I just snapped another picture from under his wing. I hope you can see this better


----------



## guev7777 (Sep 16, 2011)

Today the 4 day since the wound. He's not eating yet. But we had feed him peas, apple, and seed. He is pooping. Look much better and alert. We apply hydrogen peroxide, saline solution and Neosporin in the morning and night air dry with no Band-Aid. He's on amoxicillin in the morning and a little at night. There a slight shake to the wing when he sitting.That's his status. And feedback would be gracfull.


----------



## guev7777 (Sep 16, 2011)

What is the green stuff is that OK on the wound?


----------



## guev7777 (Sep 16, 2011)

I read that some green color on under wing are OK for chickens, but not sure if it fine for Dove's, I'm worried about infection. It an open wound we don't have any band-aid or bandages on it. Only cleaned with hydrogen peroxide, and saline solution then applied Neosporin. Any idea's I would be greatfull.


----------



## pigeonZz(r my life) (Jun 30, 2014)

That's a messy wing do you have him on antibiotics (optional) so what I see is a hole in the wing and is penetrated all the way through. You need to keep him secluded from everything that moves if that not possible put a blanket over his cage and keep him warm inside of the room. I would keep doing what your doing take it easy on the peroxide. Flush it out everyday like your doing don't keep it covered up 24/7 the wound needs some air. If his drinking on his own add this concoction to his water a little bit off apple sider vinegar and some sugar. If he not drinking on his own you will have to force it and if he's not add a little salt so he doesn't get dehydrated. I had a worse animal attack on y bird and ripped his crop open. He may have trouble flying but if he's a inside he will be fine love to know how it goes later on.


----------



## AndreiS (Jul 28, 2013)

That green spot could be some dried blood under the skin? Seems something serious for me.


----------



## Jass SamOplay (May 29, 2012)

Oh... So sorry for what happened to your mate for 10yrs


Please don't use perioxide. It will burn up the tissues and delay the healing. First up,cut all the feathers around the wound with a scissors. Wash thoroughly with boiled saline and let it dry first. Then apply neosporin.
The bird most definitely need oral antibiotics. How much amoxicillin are you giving? And how many times?
You need to give the bird Amoxycillin + Clavulanic Acid. Do you know what brand sell it? Or a broad antibacterial like baytril. Start the bird on proper antibacterials ASAP. Keep the bird dry and warm. Can he use his wing? You need to tape his wing in the right position unless he's gonna be a handicapp. Do you sense anything broken? A vet exam with X-ray would be best bet.
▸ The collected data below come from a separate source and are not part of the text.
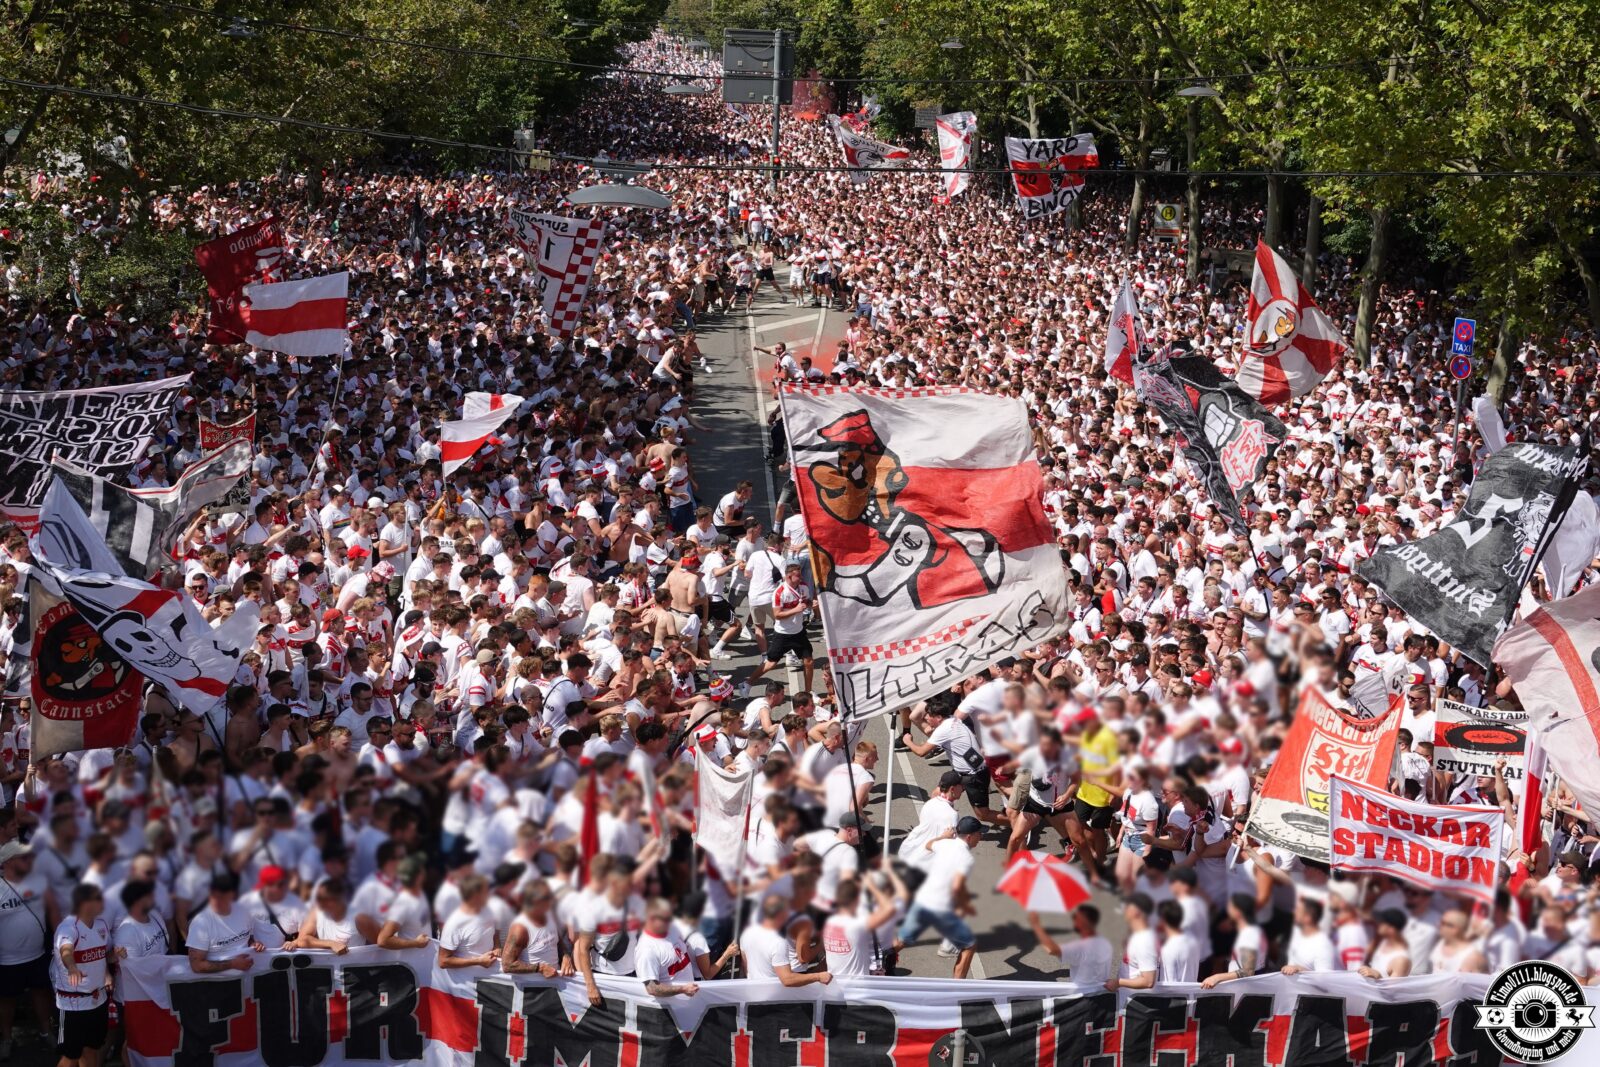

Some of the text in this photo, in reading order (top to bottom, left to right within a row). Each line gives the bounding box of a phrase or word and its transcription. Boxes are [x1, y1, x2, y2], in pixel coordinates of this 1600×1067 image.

[1022, 137, 1078, 160] YARD
[1455, 342, 1471, 353] TAXI
[41, 688, 132, 718] Cannstatt
[1443, 701, 1529, 720] NECKARSTADI
[1341, 791, 1491, 848] NECKAR
[1333, 828, 1496, 887] STADION
[168, 955, 423, 1067] FÜR
[474, 977, 898, 1067] IMMER
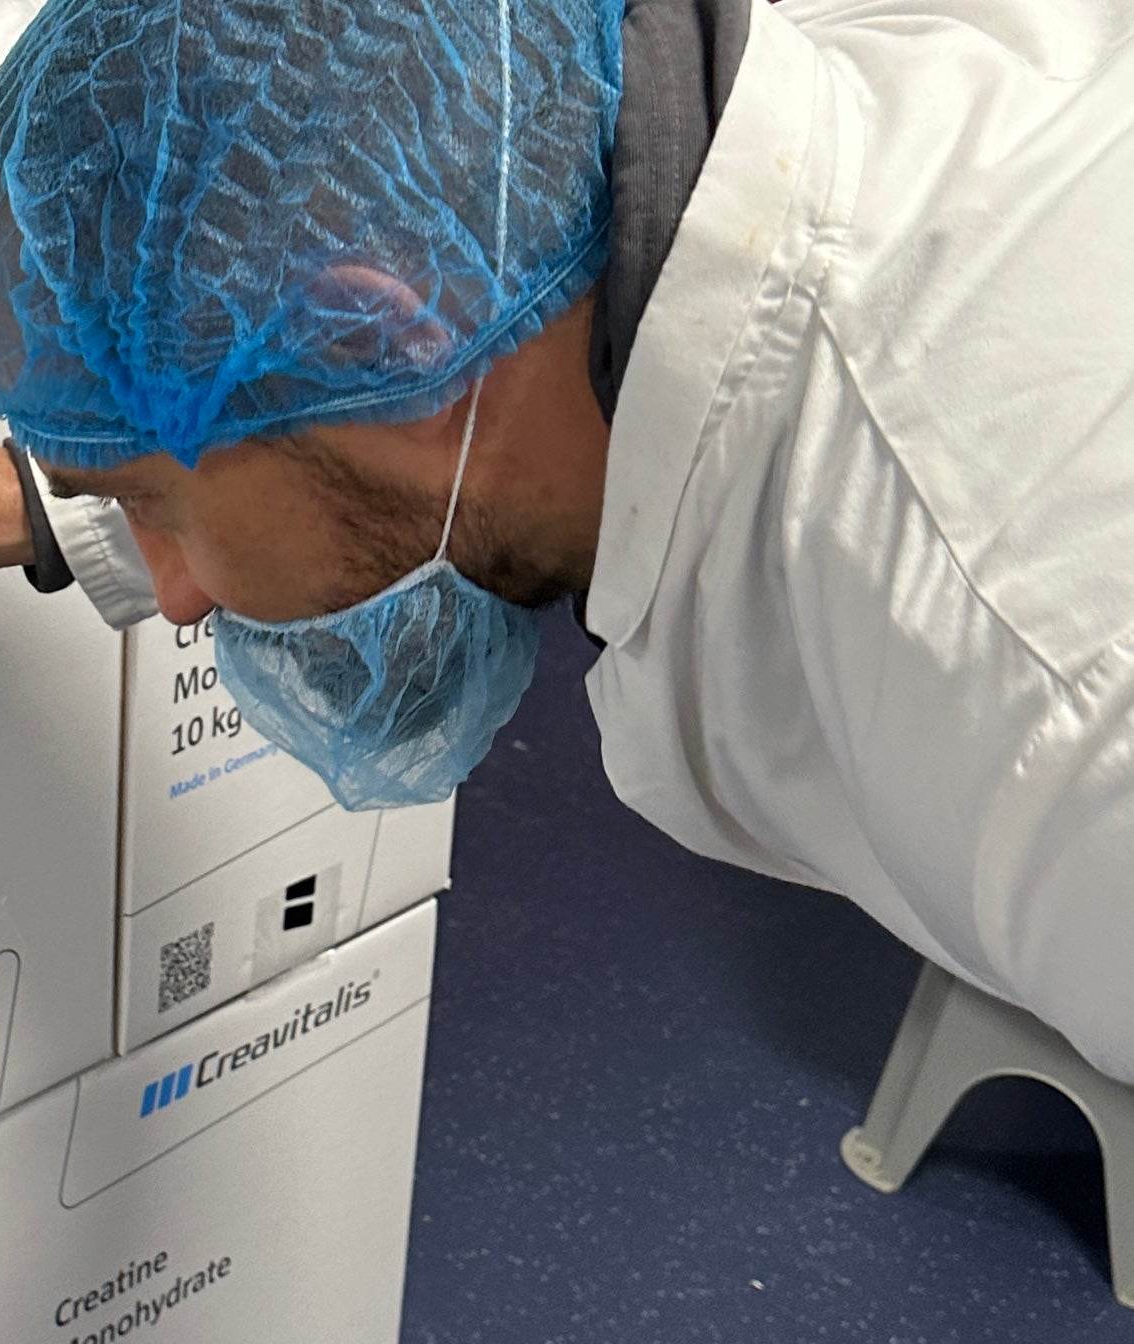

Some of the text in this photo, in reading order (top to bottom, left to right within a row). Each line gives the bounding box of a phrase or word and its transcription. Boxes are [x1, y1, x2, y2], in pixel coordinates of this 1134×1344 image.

[170, 706, 243, 756] 10 kg
[169, 772, 207, 800] Made
[209, 764, 221, 779] in
[54, 1250, 169, 1328] Creatine
Please keep the bird fed and hydrated if he's not eating/drinking well.


----------



## guev7777 (Sep 16, 2011)

Thank you everyone for your help from the bottom of my heart. We are not sure what the green spot could be. It could be dried blood or something else? 

We have given him about half a pill of penicillin the first day and a half. And Mr Dove had two human pill of amoxicillin in the last four days broken up in bites, once in the morning, and a tad bite at night. Do you think this sufficient on the antibiotics? These are human pills, I was not able to reach a veterinarian that deals with birds in my area, they only deal with dogs and cats. 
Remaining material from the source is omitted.